EXERCISE DIRECTIONS
Although the data below contains pictures, output only the lines between those holding "this 1422×1422 image." and "this 1100×1650 image.", inclusive, exactly and without those pictures.

Saved data entries
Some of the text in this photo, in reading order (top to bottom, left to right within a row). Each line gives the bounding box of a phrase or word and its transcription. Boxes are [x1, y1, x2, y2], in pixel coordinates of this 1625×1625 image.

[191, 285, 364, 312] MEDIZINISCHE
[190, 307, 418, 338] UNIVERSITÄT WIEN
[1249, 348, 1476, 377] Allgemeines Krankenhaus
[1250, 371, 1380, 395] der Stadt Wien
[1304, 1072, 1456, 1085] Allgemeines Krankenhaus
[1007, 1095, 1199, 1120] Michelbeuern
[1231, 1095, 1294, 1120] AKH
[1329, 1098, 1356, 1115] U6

* * *

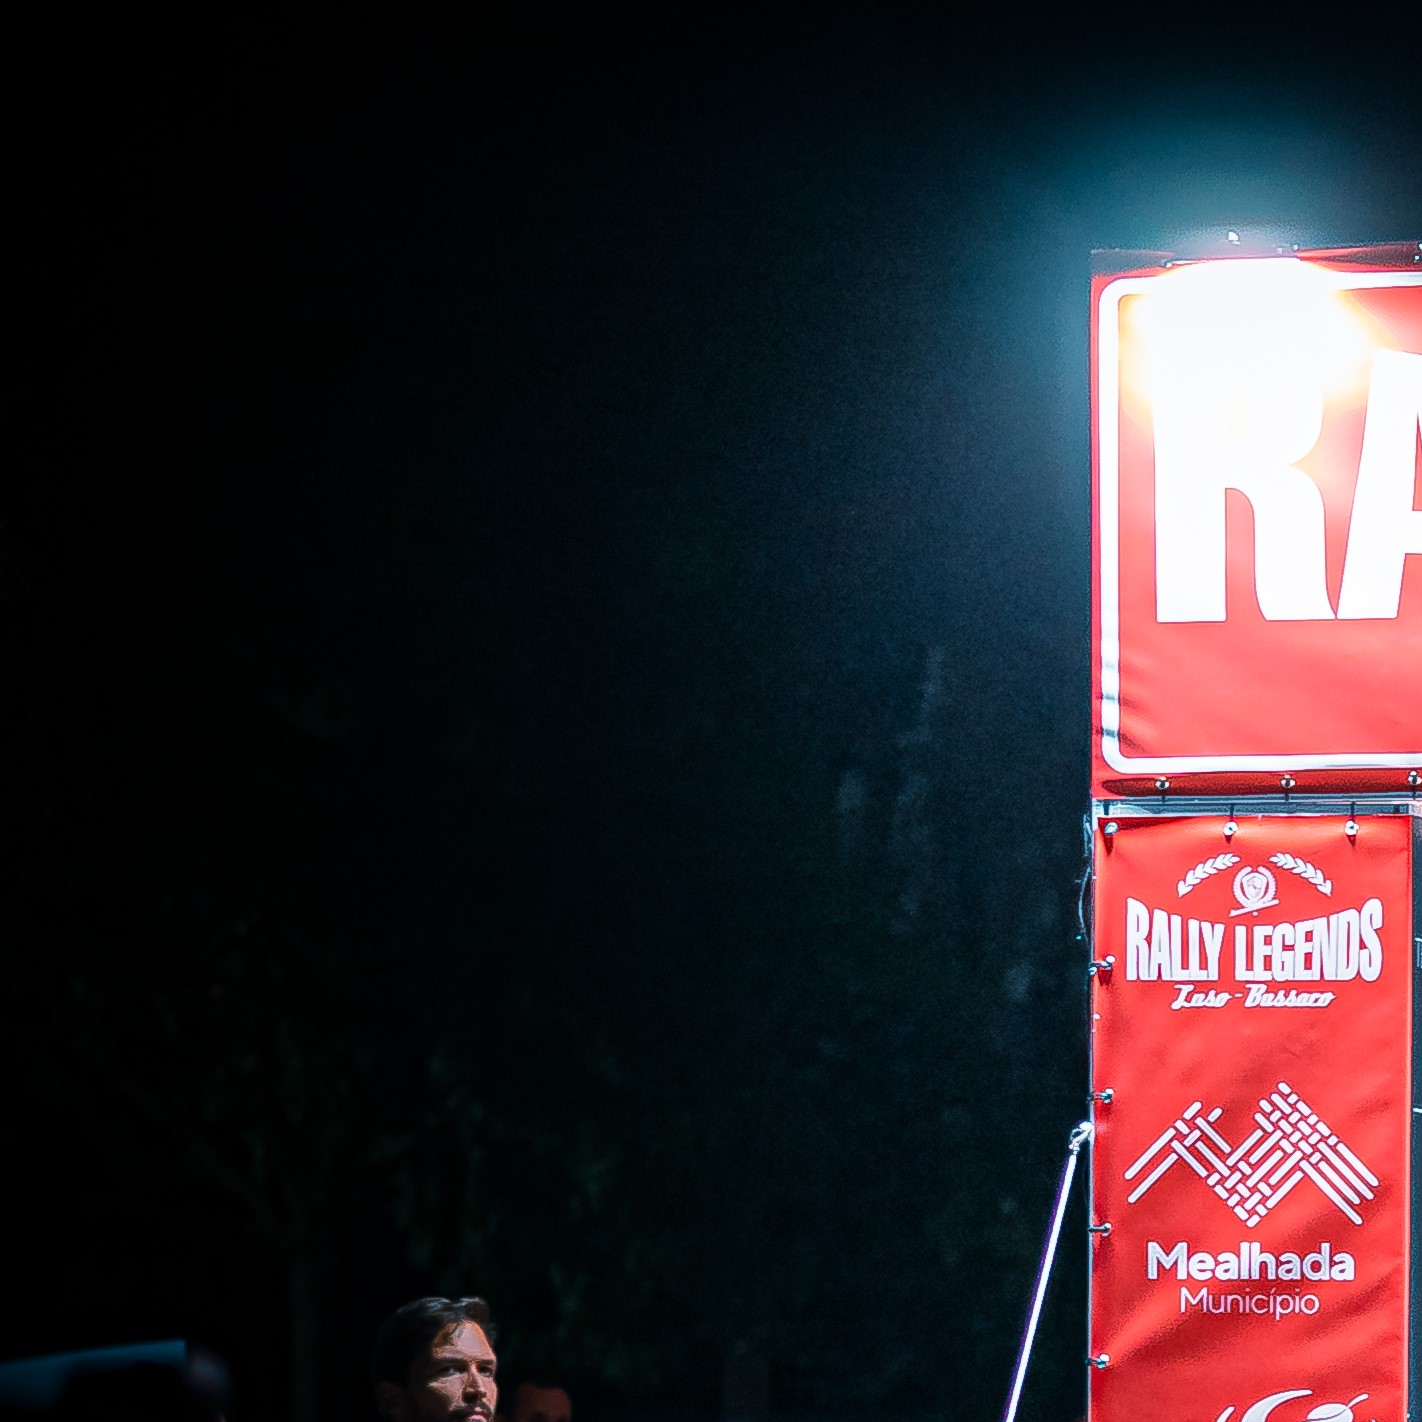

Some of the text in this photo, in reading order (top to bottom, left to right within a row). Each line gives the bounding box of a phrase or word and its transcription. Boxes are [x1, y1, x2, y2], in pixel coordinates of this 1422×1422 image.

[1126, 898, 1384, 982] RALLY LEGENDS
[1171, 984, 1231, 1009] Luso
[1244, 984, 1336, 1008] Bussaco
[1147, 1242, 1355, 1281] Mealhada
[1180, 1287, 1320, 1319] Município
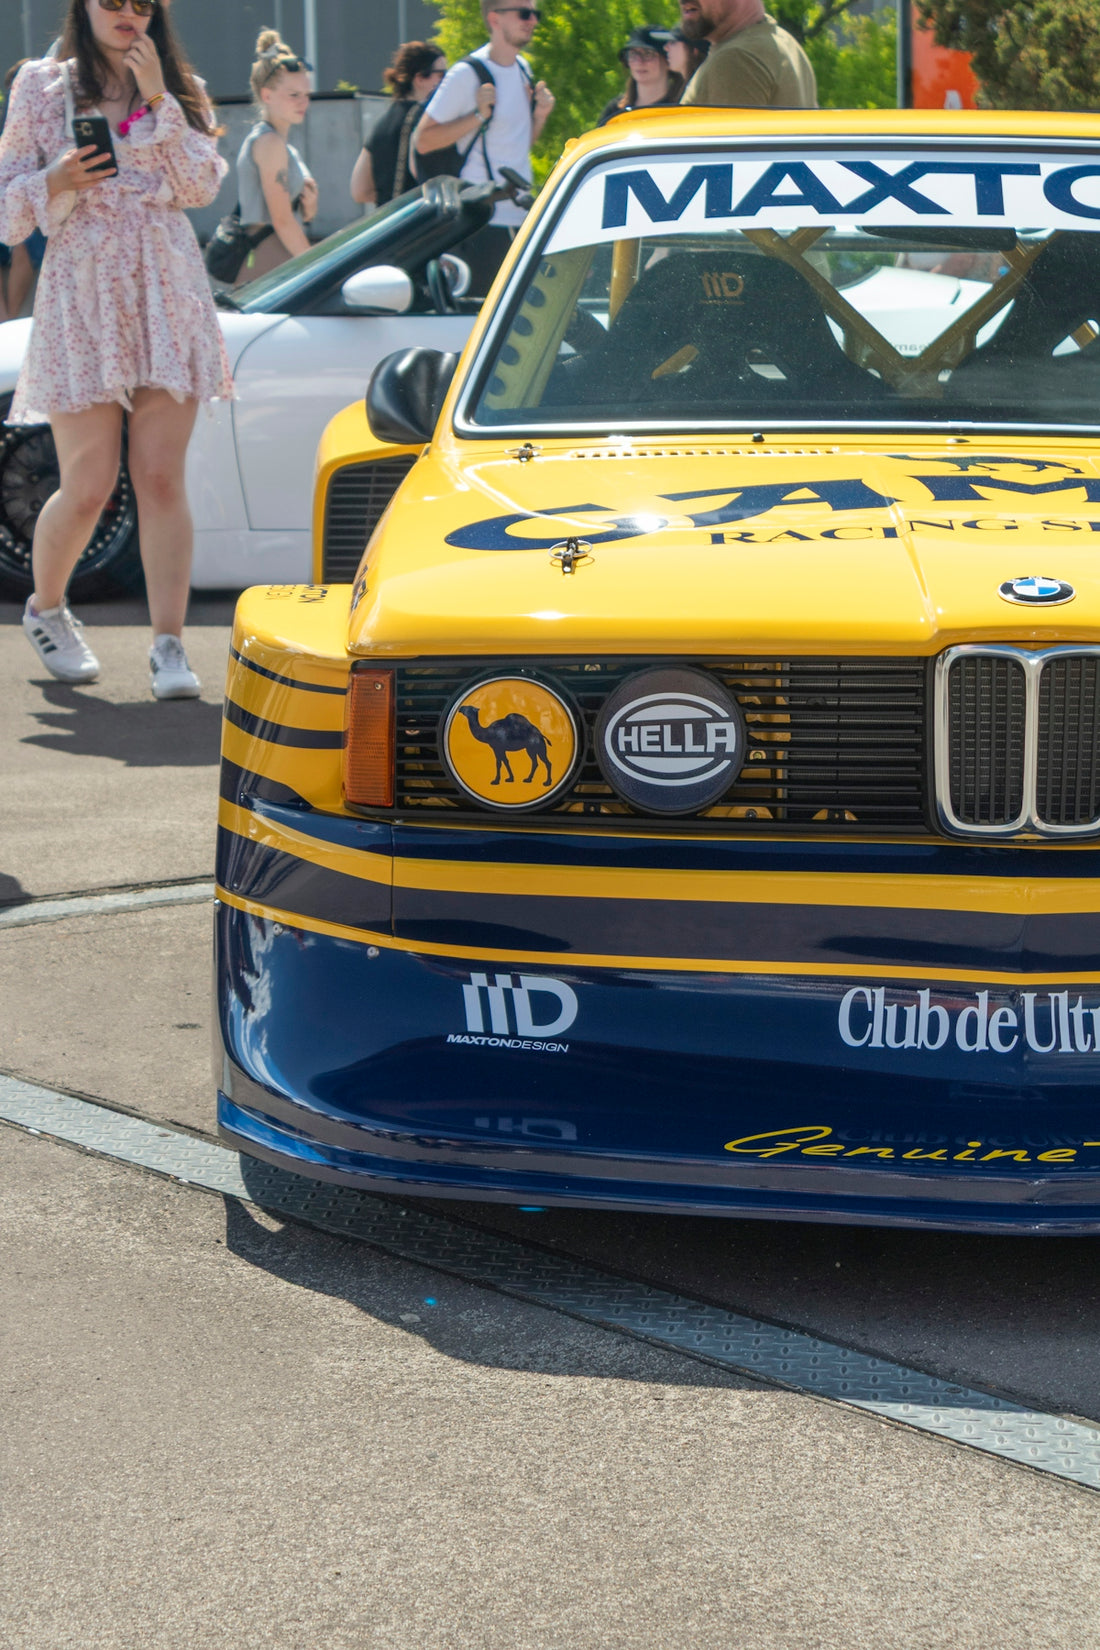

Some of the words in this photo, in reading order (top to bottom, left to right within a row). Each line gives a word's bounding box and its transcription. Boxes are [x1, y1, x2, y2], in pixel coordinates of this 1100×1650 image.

--

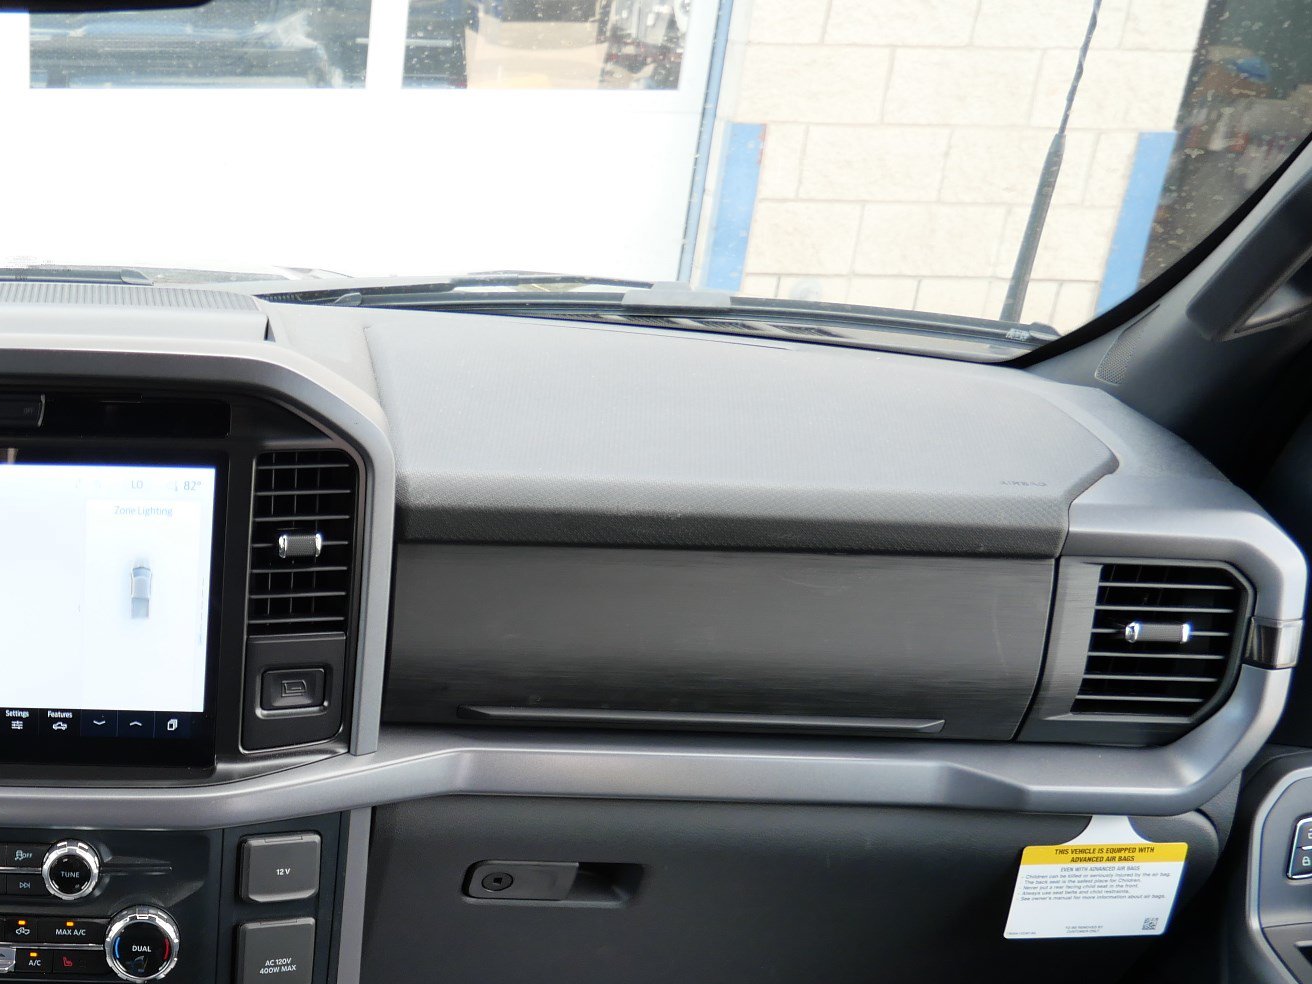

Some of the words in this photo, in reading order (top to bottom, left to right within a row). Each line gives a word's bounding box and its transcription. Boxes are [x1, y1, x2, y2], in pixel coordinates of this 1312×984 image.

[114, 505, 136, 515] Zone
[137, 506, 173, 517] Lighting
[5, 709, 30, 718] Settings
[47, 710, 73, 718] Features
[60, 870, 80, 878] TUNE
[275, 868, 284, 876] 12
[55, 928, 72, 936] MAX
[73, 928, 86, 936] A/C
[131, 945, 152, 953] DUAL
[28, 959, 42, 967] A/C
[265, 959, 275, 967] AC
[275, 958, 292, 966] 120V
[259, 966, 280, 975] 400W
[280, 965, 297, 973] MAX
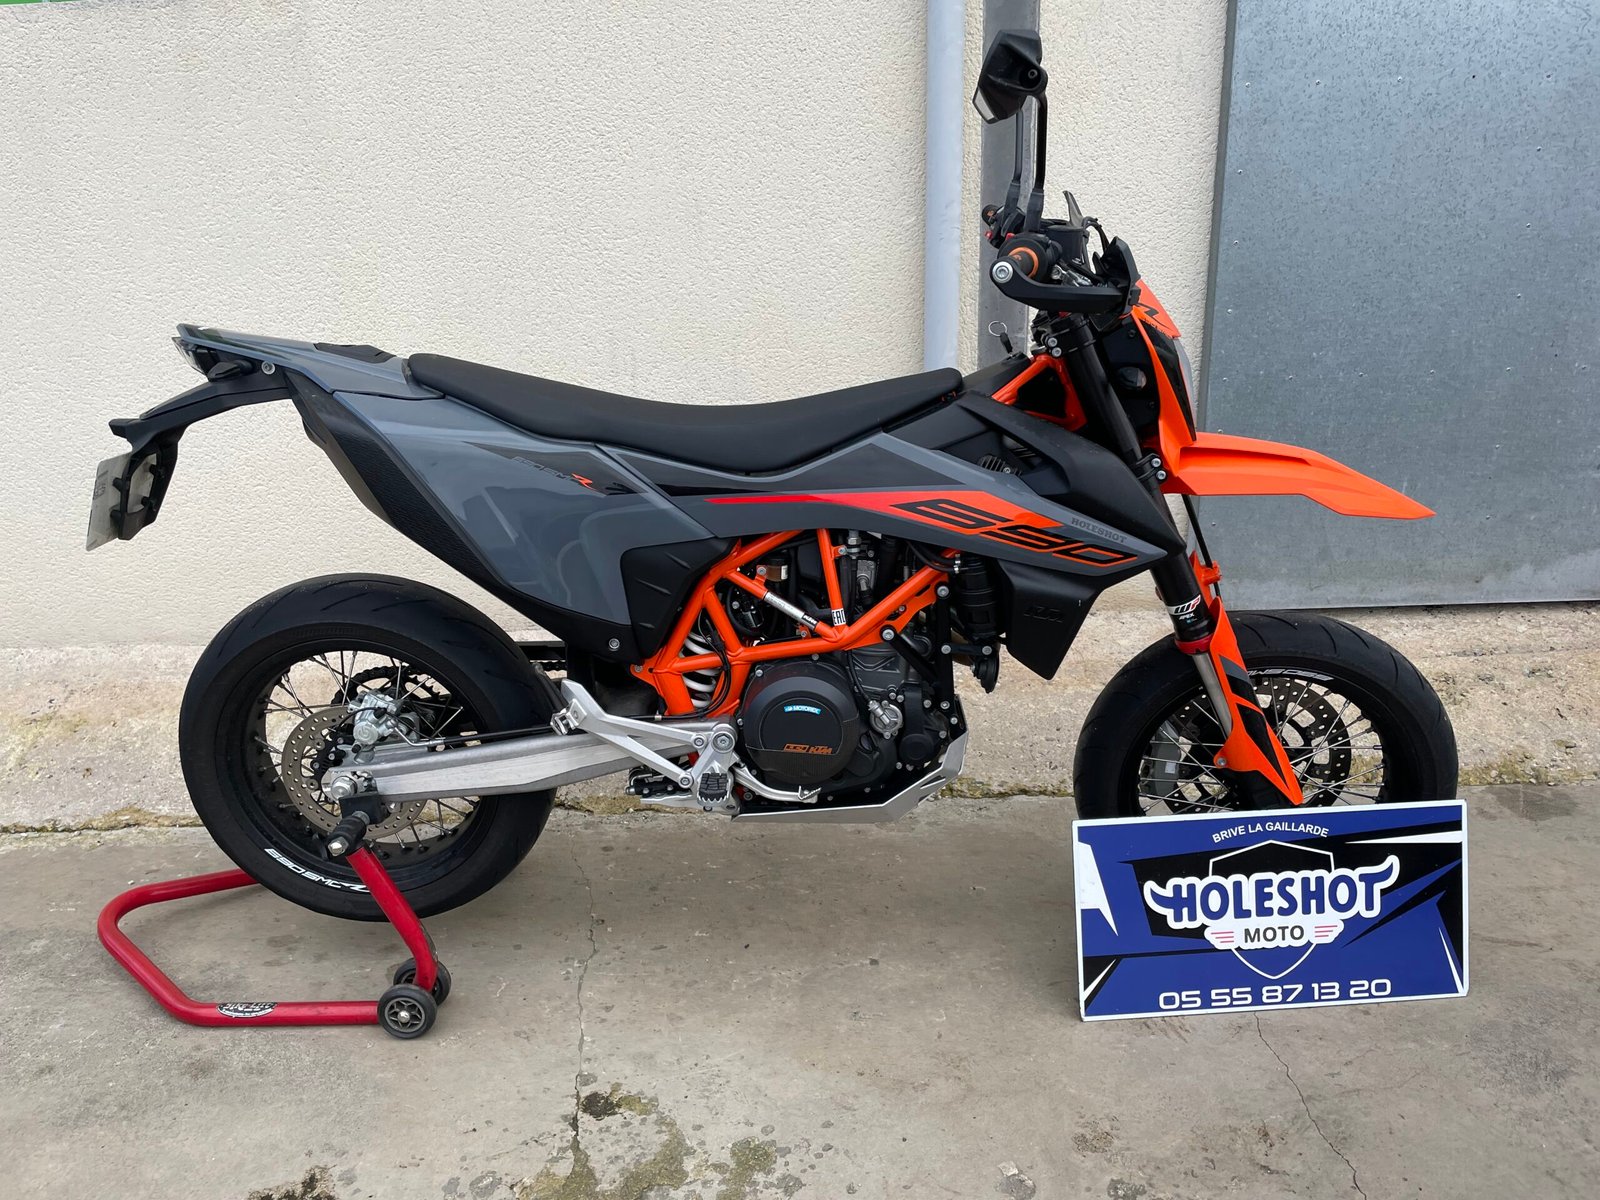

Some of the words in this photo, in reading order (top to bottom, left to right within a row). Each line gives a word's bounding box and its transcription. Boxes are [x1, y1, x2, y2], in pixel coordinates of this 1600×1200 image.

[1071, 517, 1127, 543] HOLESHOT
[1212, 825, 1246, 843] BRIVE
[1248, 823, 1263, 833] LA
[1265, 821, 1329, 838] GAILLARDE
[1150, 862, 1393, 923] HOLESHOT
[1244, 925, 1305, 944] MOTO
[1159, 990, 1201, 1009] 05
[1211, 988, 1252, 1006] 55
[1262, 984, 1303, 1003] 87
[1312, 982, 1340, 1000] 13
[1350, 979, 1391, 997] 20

WORKED SOLUTION
Some of the text in this photo, in reading order (top to bottom, left to right within a row). Each line gives the bounding box of a phrase or word and its transcription. Boxes are [x1, y1, x2, y2], in pixel coordinates of this 1422×1422 image.

[1126, 898, 1384, 982] RALLY LEGENDS
[1171, 984, 1231, 1009] Luso
[1244, 984, 1336, 1008] Bussaco
[1147, 1242, 1355, 1281] Mealhada
[1180, 1287, 1320, 1319] Município

Some of the words in this photo, in reading order (top to bottom, left to right within a row). Each line gives a word's bounding box and its transcription. Boxes are [x1, y1, x2, y2], in pixel coordinates of this 1100×1650 image.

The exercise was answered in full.